If you apply it to the whole face or scalp, it can cause significant inflammation and whilst this is not serious, it can look very unsightly.

It works by destroying abnormal skin cells and causes a pronounced inflammation in skin lesions. It is normal to see redness, crusting, and rarely ulceration. Treatment may need to be stopped for a few days if the reaction is very intense. You may need to ask your GP to prescribe a topical steroid/antibiotic (Fucibet® cream) if the reaction is severe and unexpected. It is 85% effective and is very effective for multiple unstable lesions. Treatment courses can be repeated or rotated around different areas. Some experienced users find it can be used for 2-3 weeks on individual lesions that crop up with good results.

Cryotherapy freezing (liquid nitrogen):

Cryotherapy destroys the unstable skin cells allowing healthy skin cells to heal the treated area. Freezing typically takes a few seconds and wounds heal in 7-15 days. It is relatively painful but very effective (90% of skin lesions will resolve with a single freeze). Side-effects include blistering, crusting and occasionally a white permanent scar.

Skin curettage & cautery:

This technique tends to be used for thickened lesions that may not respond to topical treatments or cryotherapy. The procedure involves an injection of local anaesthetic into the skin followed by gentle scraping with a device called a curette. This removes the abnormal cells of the skin. It is followed by cautery to seal the bleeding blood vessels. Treated areas usually heal well within 10-21 days.
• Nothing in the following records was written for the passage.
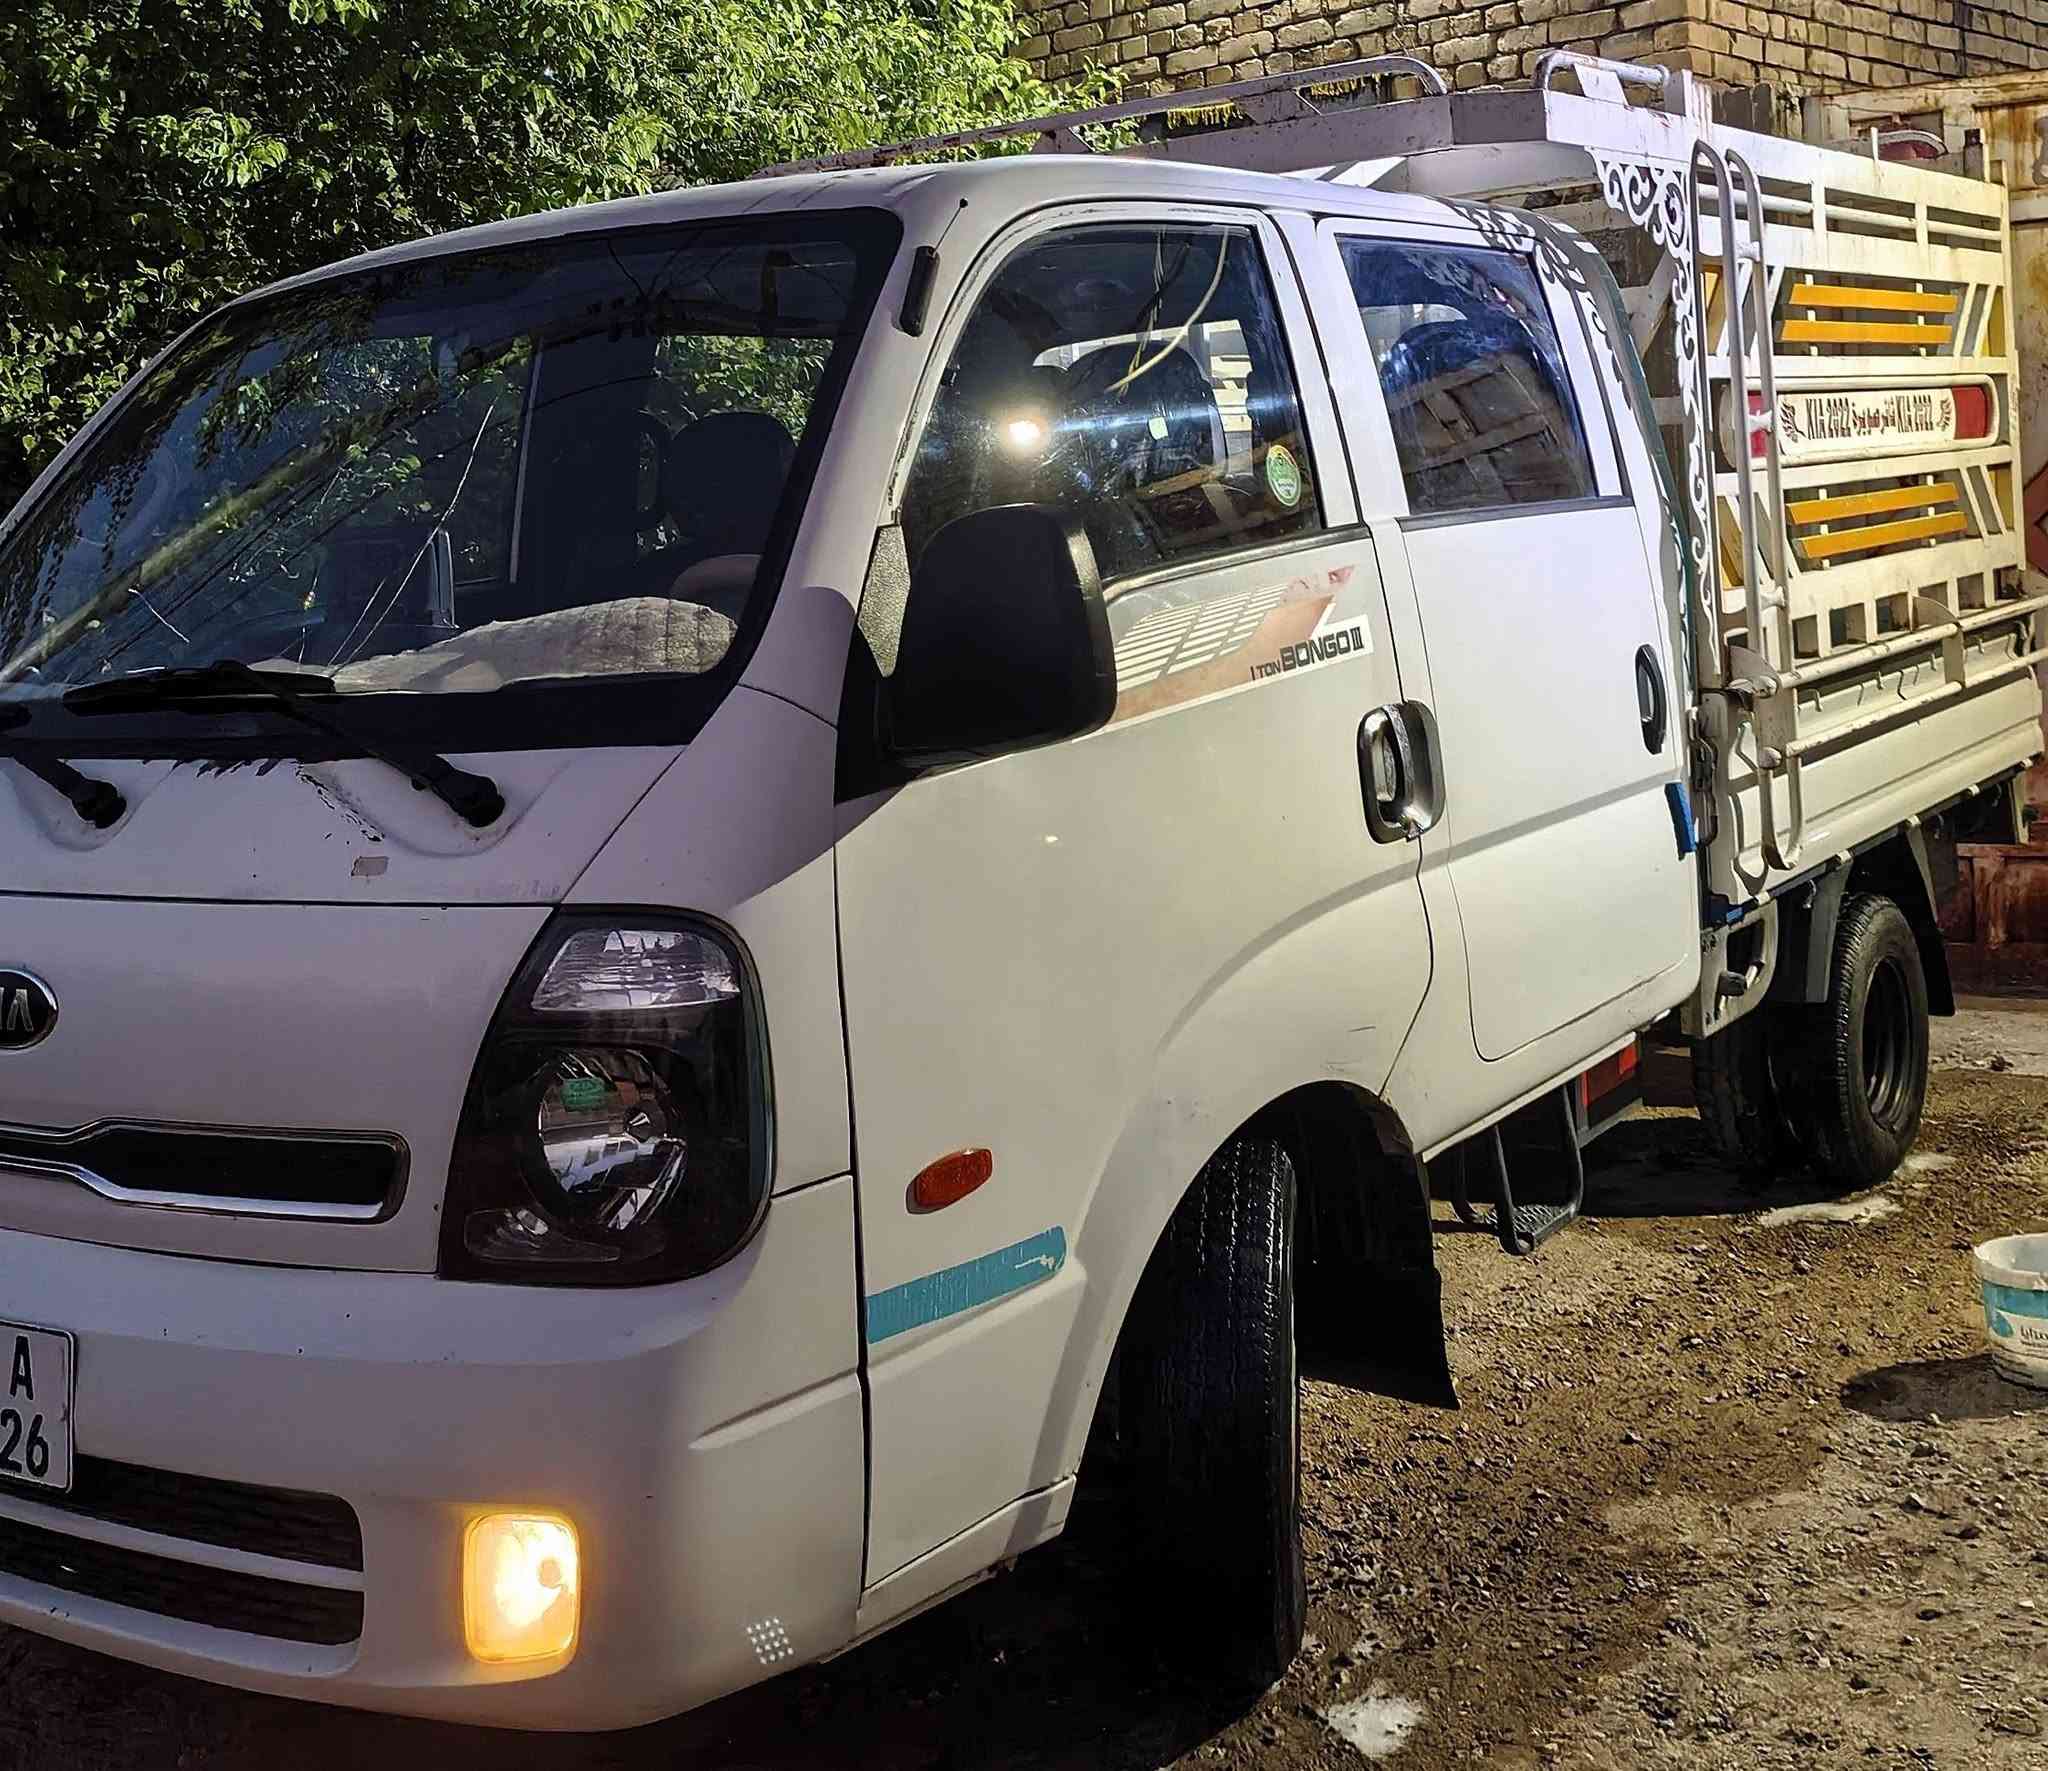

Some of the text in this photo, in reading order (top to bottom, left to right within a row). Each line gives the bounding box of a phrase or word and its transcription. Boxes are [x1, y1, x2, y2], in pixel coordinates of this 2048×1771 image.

[1805, 398, 1826, 440] KIA
[1256, 659, 1281, 678] TON
[1279, 630, 1350, 672] BONGO
[9, 1335, 34, 1401] A
[0, 1408, 49, 1478] 26
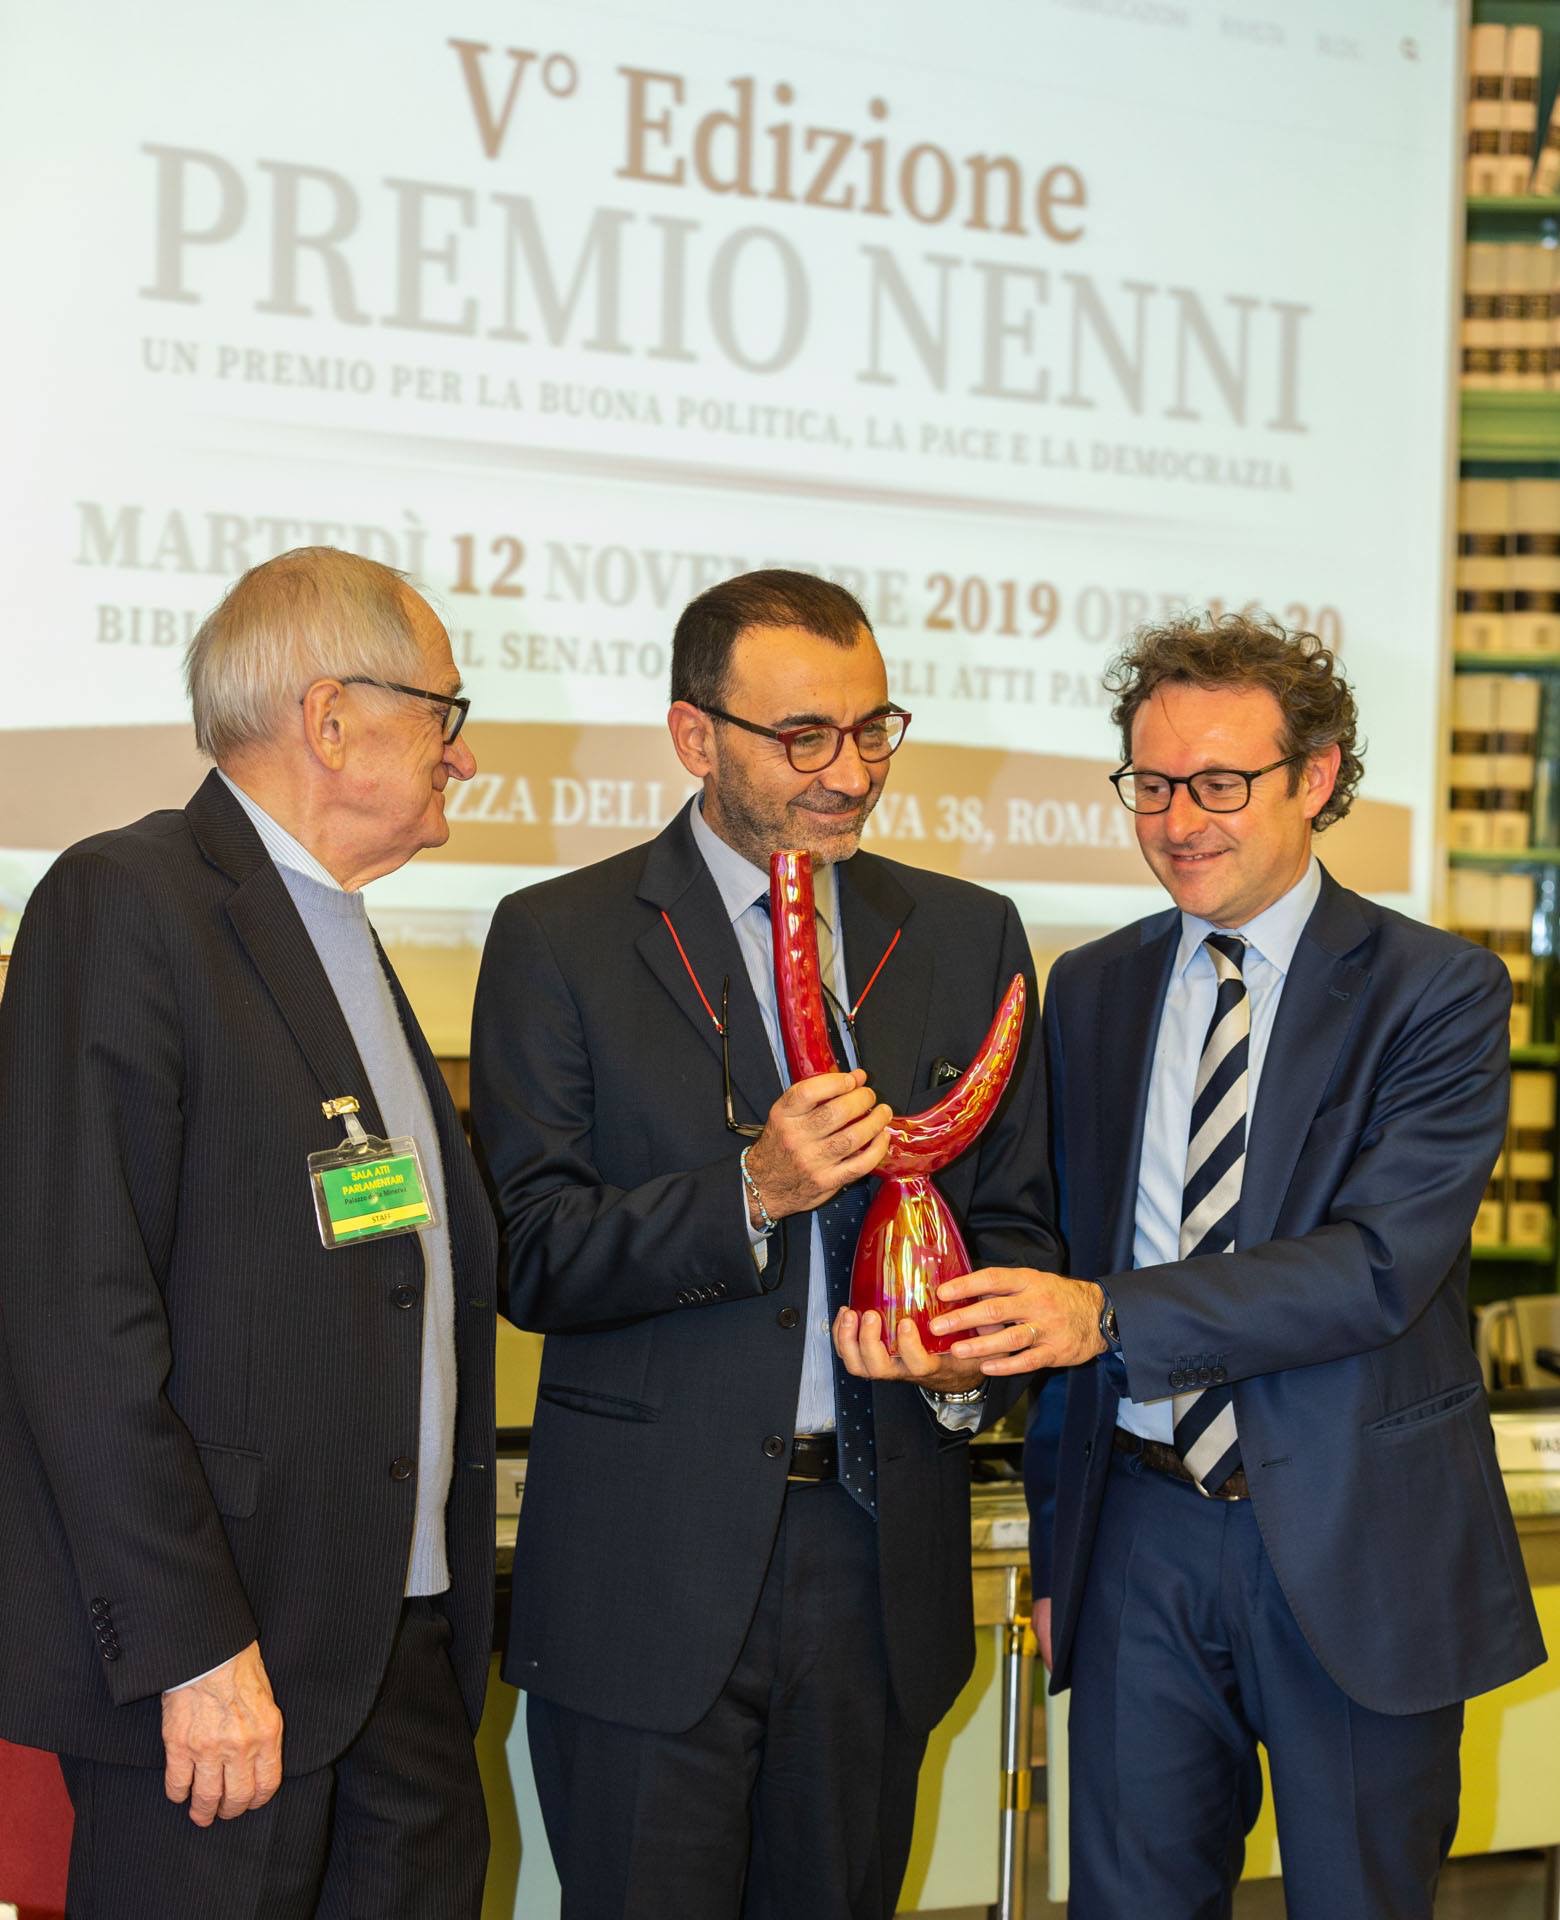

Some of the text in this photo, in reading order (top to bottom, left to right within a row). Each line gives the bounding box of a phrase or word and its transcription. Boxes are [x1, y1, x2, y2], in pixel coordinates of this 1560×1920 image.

[446, 36, 1089, 245] V° Edizione
[138, 142, 1312, 436] PREMIO NENNI
[140, 337, 1294, 492] UN PREMIO PER LA BUONA POLITICA, LA PACE E LA DEMOCRAZIA
[450, 533, 526, 599] 12
[922, 571, 1060, 639] 2019
[500, 632, 662, 677] SENATO
[951, 665, 1034, 705] ATTI
[934, 796, 997, 855] 38,
[1007, 797, 1133, 848] ROMA
[341, 1174, 404, 1196] PARLAMENTARI
[344, 1195, 367, 1205] Palazzo
[351, 1164, 391, 1181] SALA ATTI
Curettage may cause a permanent white or pale scar and there is always a small risk of recurrence. Facial lesions usually completely heal in 7-14 days. Healing on the lower leg can be slow and take many weeks to completely recover. Occasionally, a raised scar may develop in treated areas especially on the chest that may necessitate an injection of steroid.

Photodynamic therapy:

Extensive facial or scalp solar keratosis may require treatment with Photodynamic Therapy. A cream containing a photoactive substance is applied to individual lesions or field change. It is selectively absorbed by abnormal skin cells to make a photosensitive chemical that allows selective destruction of unstable sun-damage and specific types of early pre-cancerous change. The technique is mainly used for larger areas of sun-damage when other treatments have failed.

It is particularly useful in treating patients with more than 8-10 skin lesions. It is about 75% effective and treatment effects last for several years. Complications include some discomfort during treatment and redness lasting a few weeks. It can be used for extensive disease and has the advantage that healing only takes 7-10 days with good cosmesis. Multiple treatments may be required and each session is typically 70-75% effective.

Do I need to be seen regularly by a dermatologist?

No, your GP can normally review your skin and prescribe topical treatments. In specialist services, we normally see patients for assessment for higher risk lesions, patients with severe persistent lesions, or for investigation of lesions that change. We do not routinely review patients with Solar Keratosis unless there is a suspicion of cancer or patients with unstable skin.

Can I do anything to help the skin problem?

Studies have shown that avoidance of further exposure to sunlight reduces the number of new skin lesions by 25%. It is advisable to avoid sun exposure by covering up with light clothing, use of a wide-brimmed hat, and by wearing a high Sun Protection Factor (SPF>50) sunscreen containing both UVA and UVB protection. Try and avoid sun exposure between 11am and 3pm. The application of regular moisturisers may also help such as E45 cream or any other plain cream.